---------- Input material
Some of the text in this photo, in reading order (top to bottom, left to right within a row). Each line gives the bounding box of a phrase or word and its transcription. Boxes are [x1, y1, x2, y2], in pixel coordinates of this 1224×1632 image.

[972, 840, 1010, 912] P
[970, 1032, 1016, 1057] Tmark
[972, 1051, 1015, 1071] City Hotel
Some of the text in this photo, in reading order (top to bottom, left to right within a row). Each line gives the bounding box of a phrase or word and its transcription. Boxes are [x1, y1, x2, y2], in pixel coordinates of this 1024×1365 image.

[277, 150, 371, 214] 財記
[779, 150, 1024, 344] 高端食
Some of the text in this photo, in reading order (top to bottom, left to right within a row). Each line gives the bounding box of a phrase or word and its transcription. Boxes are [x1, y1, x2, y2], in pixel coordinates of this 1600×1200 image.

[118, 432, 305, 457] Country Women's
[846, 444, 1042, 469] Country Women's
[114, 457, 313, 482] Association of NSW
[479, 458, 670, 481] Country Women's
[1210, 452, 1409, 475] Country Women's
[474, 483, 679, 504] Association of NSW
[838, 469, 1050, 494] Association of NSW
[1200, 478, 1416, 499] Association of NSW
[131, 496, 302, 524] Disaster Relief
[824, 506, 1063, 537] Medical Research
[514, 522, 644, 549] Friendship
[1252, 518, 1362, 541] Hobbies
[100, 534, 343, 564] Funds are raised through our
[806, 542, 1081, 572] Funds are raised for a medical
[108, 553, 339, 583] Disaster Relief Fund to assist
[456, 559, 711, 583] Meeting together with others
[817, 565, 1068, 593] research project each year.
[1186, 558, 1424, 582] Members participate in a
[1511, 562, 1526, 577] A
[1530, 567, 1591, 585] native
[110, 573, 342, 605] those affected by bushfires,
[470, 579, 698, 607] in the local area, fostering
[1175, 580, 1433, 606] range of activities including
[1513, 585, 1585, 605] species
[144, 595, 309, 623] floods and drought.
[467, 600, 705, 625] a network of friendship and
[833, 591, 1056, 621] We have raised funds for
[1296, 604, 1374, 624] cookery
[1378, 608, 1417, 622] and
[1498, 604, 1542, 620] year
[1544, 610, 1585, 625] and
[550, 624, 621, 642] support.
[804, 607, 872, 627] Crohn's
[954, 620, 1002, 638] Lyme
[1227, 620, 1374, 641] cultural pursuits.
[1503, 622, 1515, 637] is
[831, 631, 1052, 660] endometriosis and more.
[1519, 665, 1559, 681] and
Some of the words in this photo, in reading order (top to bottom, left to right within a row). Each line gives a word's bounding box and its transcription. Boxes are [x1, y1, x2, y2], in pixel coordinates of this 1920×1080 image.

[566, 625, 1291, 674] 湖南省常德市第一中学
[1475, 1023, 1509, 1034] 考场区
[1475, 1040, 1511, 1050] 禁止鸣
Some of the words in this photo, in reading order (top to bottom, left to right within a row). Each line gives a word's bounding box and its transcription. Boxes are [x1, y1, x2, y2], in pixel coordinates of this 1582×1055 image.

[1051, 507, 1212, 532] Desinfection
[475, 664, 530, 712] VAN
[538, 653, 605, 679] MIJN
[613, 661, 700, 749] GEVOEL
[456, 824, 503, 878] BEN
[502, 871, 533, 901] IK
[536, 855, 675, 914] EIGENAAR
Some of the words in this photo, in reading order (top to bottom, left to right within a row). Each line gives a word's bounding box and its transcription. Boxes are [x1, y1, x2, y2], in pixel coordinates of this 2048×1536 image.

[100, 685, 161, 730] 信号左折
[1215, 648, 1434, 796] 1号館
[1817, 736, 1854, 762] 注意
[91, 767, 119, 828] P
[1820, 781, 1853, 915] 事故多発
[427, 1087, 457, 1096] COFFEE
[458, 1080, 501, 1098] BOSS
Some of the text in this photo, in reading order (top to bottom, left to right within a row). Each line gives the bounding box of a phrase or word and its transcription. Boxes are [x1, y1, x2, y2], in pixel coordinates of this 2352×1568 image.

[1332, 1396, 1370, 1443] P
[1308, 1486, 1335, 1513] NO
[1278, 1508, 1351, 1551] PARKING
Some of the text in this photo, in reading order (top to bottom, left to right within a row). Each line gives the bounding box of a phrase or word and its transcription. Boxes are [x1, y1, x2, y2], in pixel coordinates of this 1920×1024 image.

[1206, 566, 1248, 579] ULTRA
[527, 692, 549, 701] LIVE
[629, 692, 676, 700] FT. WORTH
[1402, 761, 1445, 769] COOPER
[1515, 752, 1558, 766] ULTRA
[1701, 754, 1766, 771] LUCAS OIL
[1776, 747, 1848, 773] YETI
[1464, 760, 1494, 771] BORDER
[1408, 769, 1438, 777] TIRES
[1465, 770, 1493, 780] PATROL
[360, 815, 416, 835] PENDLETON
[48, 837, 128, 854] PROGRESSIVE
--------------------
Instructions to follow
Nothing but an exact reproduction of the entries is wanted.

Answer space
Some of the text in this photo, in reading order (top to bottom, left to right within a row). Each line gives the bounding box of a phrase or word and its transcription. Boxes are [x1, y1, x2, y2], in pixel coordinates of this 1224×1632 image.

[972, 840, 1010, 912] P
[970, 1032, 1016, 1057] Tmark
[972, 1051, 1015, 1071] City Hotel
Some of the text in this photo, in reading order (top to bottom, left to right within a row). Each line gives the bounding box of a phrase or word and its transcription. Boxes are [x1, y1, x2, y2], in pixel coordinates of this 1024×1365 image.

[277, 150, 371, 214] 財記
[779, 150, 1024, 344] 高端食
Some of the text in this photo, in reading order (top to bottom, left to right within a row). Each line gives the bounding box of a phrase or word and its transcription. Boxes are [x1, y1, x2, y2], in pixel coordinates of this 1600×1200 image.

[118, 432, 305, 457] Country Women's
[846, 444, 1042, 469] Country Women's
[114, 457, 313, 482] Association of NSW
[479, 458, 670, 481] Country Women's
[1210, 452, 1409, 475] Country Women's
[474, 483, 679, 504] Association of NSW
[838, 469, 1050, 494] Association of NSW
[1200, 478, 1416, 499] Association of NSW
[131, 496, 302, 524] Disaster Relief
[824, 506, 1063, 537] Medical Research
[514, 522, 644, 549] Friendship
[1252, 518, 1362, 541] Hobbies
[100, 534, 343, 564] Funds are raised through our
[806, 542, 1081, 572] Funds are raised for a medical
[108, 553, 339, 583] Disaster Relief Fund to assist
[456, 559, 711, 583] Meeting together with others
[817, 565, 1068, 593] research project each year.
[1186, 558, 1424, 582] Members participate in a
[1511, 562, 1526, 577] A
[1530, 567, 1591, 585] native
[110, 573, 342, 605] those affected by bushfires,
[470, 579, 698, 607] in the local area, fostering
[1175, 580, 1433, 606] range of activities including
[1513, 585, 1585, 605] species
[144, 595, 309, 623] floods and drought.
[467, 600, 705, 625] a network of friendship and
[833, 591, 1056, 621] We have raised funds for
[1296, 604, 1374, 624] cookery
[1378, 608, 1417, 622] and
[1498, 604, 1542, 620] year
[1544, 610, 1585, 625] and
[550, 624, 621, 642] support.
[804, 607, 872, 627] Crohn's
[954, 620, 1002, 638] Lyme
[1227, 620, 1374, 641] cultural pursuits.
[1503, 622, 1515, 637] is
[831, 631, 1052, 660] endometriosis and more.
[1519, 665, 1559, 681] and
Some of the words in this photo, in reading order (top to bottom, left to right within a row). Each line gives a word's bounding box and its transcription. Boxes are [x1, y1, x2, y2], in pixel coordinates of this 1920×1080 image.

[566, 625, 1291, 674] 湖南省常德市第一中学
[1475, 1023, 1509, 1034] 考场区
[1475, 1040, 1511, 1050] 禁止鸣
Some of the words in this photo, in reading order (top to bottom, left to right within a row). Each line gives a word's bounding box and its transcription. Boxes are [x1, y1, x2, y2], in pixel coordinates of this 1582×1055 image.

[1051, 507, 1212, 532] Desinfection
[475, 664, 530, 712] VAN
[538, 653, 605, 679] MIJN
[613, 661, 700, 749] GEVOEL
[456, 824, 503, 878] BEN
[502, 871, 533, 901] IK
[536, 855, 675, 914] EIGENAAR
Some of the words in this photo, in reading order (top to bottom, left to right within a row). Each line gives a word's bounding box and its transcription. Boxes are [x1, y1, x2, y2], in pixel coordinates of this 2048×1536 image.

[100, 685, 161, 730] 信号左折
[1215, 648, 1434, 796] 1号館
[1817, 736, 1854, 762] 注意
[91, 767, 119, 828] P
[1820, 781, 1853, 915] 事故多発
[427, 1087, 457, 1096] COFFEE
[458, 1080, 501, 1098] BOSS
Some of the text in this photo, in reading order (top to bottom, left to right within a row). Each line gives the bounding box of a phrase or word and its transcription. Boxes are [x1, y1, x2, y2], in pixel coordinates of this 2352×1568 image.

[1332, 1396, 1370, 1443] P
[1308, 1486, 1335, 1513] NO
[1278, 1508, 1351, 1551] PARKING
Some of the text in this photo, in reading order (top to bottom, left to right within a row). Each line gives the bounding box of a phrase or word and its transcription. Boxes are [x1, y1, x2, y2], in pixel coordinates of this 1920×1024 image.

[1206, 566, 1248, 579] ULTRA
[527, 692, 549, 701] LIVE
[629, 692, 676, 700] FT. WORTH
[1402, 761, 1445, 769] COOPER
[1515, 752, 1558, 766] ULTRA
[1701, 754, 1766, 771] LUCAS OIL
[1776, 747, 1848, 773] YETI
[1464, 760, 1494, 771] BORDER
[1408, 769, 1438, 777] TIRES
[1465, 770, 1493, 780] PATROL
[360, 815, 416, 835] PENDLETON
[48, 837, 128, 854] PROGRESSIVE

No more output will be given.